Old Daily Shows--April 2003

Find the archive of past entries at archive.htm. Today's entry is at daily.htm.

Friday April 11, 2003 Returning at last

It's been about a decade since I last wrote, hasn't it.

My last entry was about Flute and being named a Watson fellow. The Watson thing really hit home today. I went to a meeting, you see, a meeting I'd attended four times before. Twice each year, the College hosts an informal meeting to provide students with information about the Watson Fellowship, to help them start planning their proposals.

My first was freshman year, in the spring. Anna Hess had just gotten her Watson, and I wanted to know what it was about. So I went, quite possibly the only freshman there, and I listened. The next spring, I went again, plans beginning to form. I thought I might go and study bread baking around the world.

At the end of junior year, I went to the meeting, plans coalescing around the idea of Scotland. I'd been to visit during that January, and loved it. I went to the meeting, and I started making plans in earnest. The next meeting was this fall, a week or two before the proposals were due, and the room was filled with tense seniors, full of curiosity and concern. I heard so many wonderful proposals that night! Cooking and dancing and singing and studying birds and reproductive health systems and hiking and monastic life! They all seemed so exciting.

And then tonight, I was at that meeting again, listening to Joy Charlton explaining about the Watson again, reading the familiar handouts again. There was a list of past Swarthmore Watson Fellows... and at the bottom, "Hollis Easter '03 - Auld Tunes and New: the Bagpipe Music of Scotland". And then Joy was introducing me, describing my project, and holding me up as proof that actual students do win this award.
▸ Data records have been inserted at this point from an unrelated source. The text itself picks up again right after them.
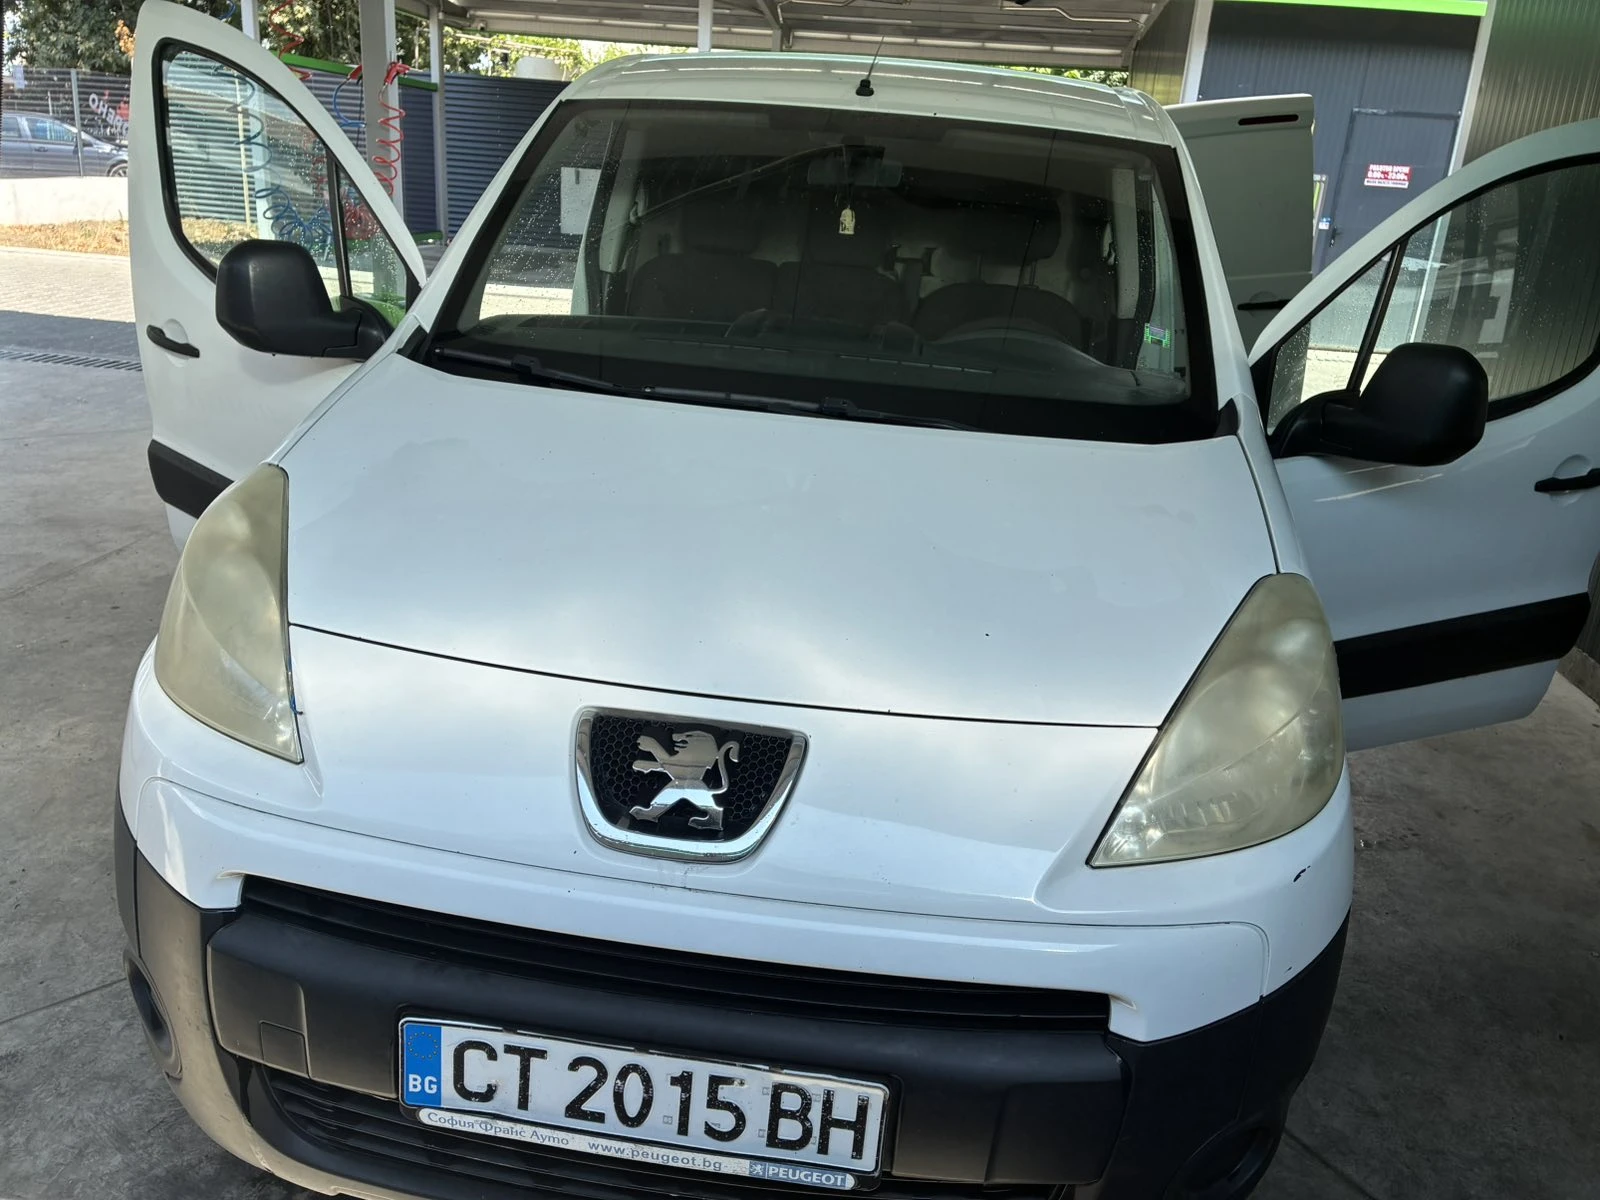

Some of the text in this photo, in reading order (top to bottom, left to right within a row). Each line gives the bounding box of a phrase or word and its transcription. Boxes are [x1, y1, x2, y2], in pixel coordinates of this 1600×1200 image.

[408, 1074, 438, 1095] BG
[453, 1039, 870, 1160] CT 2015 BH
[427, 1112, 475, 1131] София
[588, 1141, 722, 1171] www.peugeot.bg
[768, 1166, 845, 1187] PEUGEOT
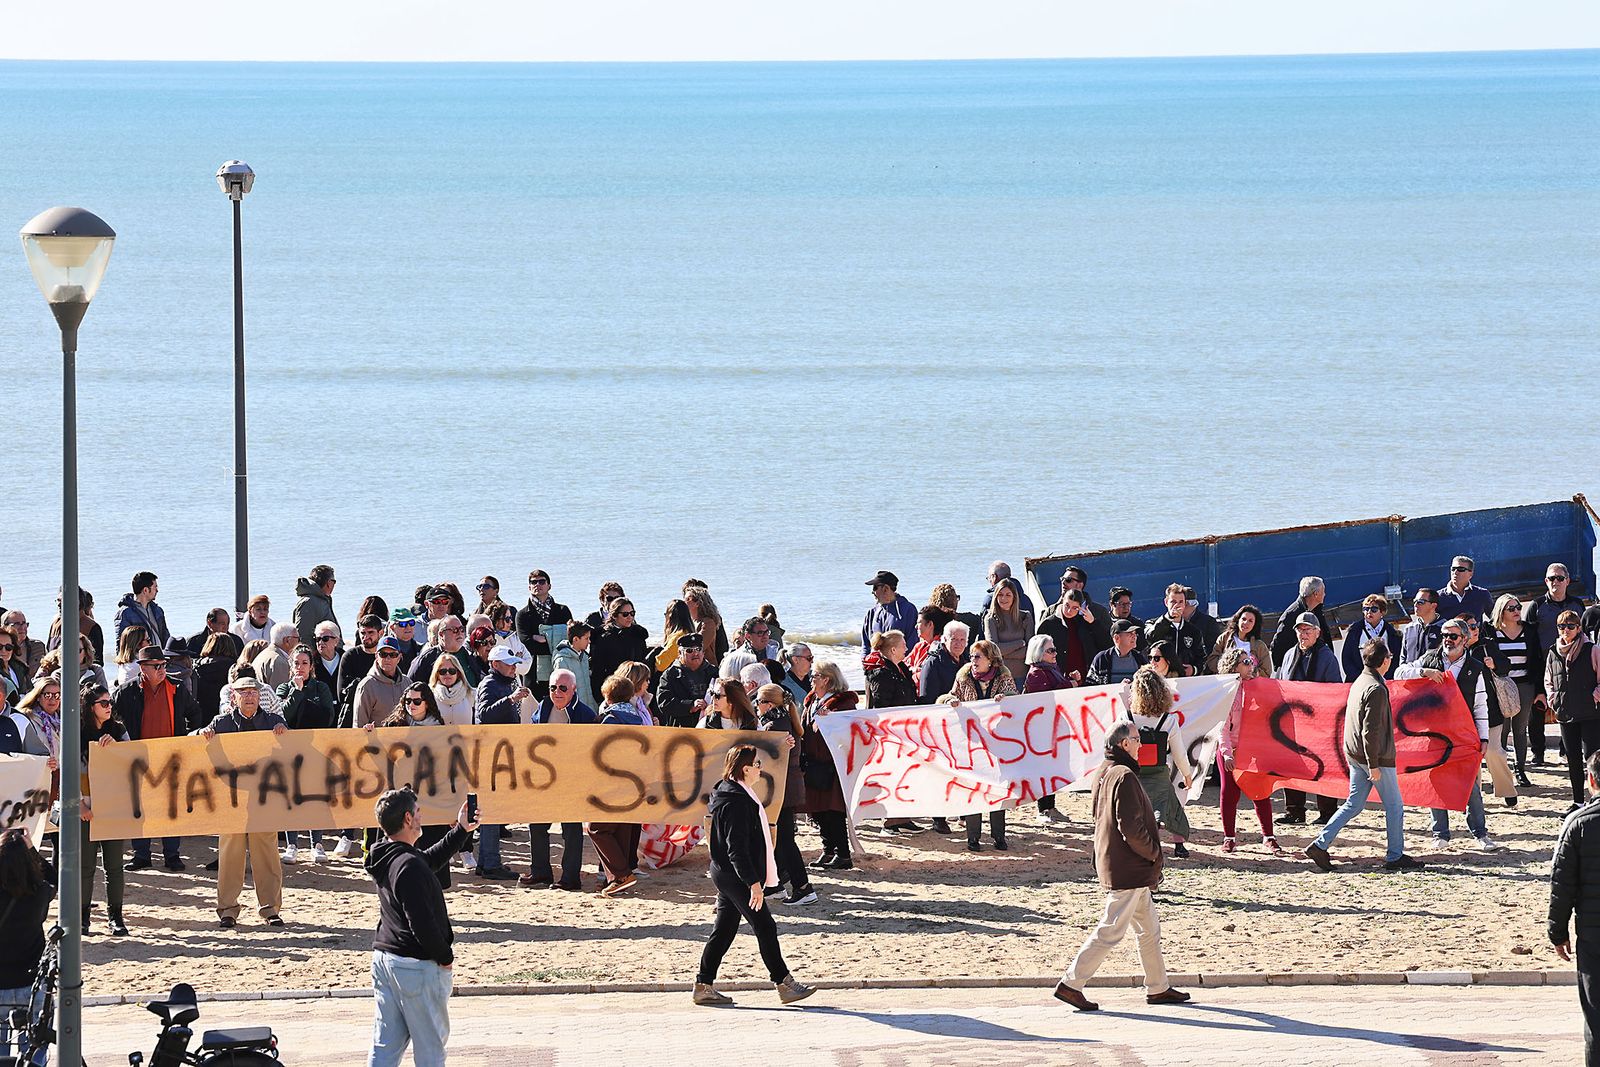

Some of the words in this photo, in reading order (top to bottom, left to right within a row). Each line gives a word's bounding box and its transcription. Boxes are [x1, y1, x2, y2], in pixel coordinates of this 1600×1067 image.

[128, 732, 558, 821] MATALASCAÑAS
[846, 691, 1185, 776] MATALASCAÑ
[1267, 690, 1453, 782] SS
[858, 763, 921, 807] SE
Somehow, seeing myself not as one who will go on the fellowship but as one who has done what others will do was jarring. I sent in my registration materials this week; I'm definitely going. The meeting made it all the more real, though.

In other news, my collection of Celtic books has been chosen by the Swarthmore Library people as the winner of the first prize in this year's A. Edward Newton Library Prize competition. This is nifty, because it recognizes a fair amount of work that has gone into the collection, and also because it carries a $500 award for further additions to the collection. Neat!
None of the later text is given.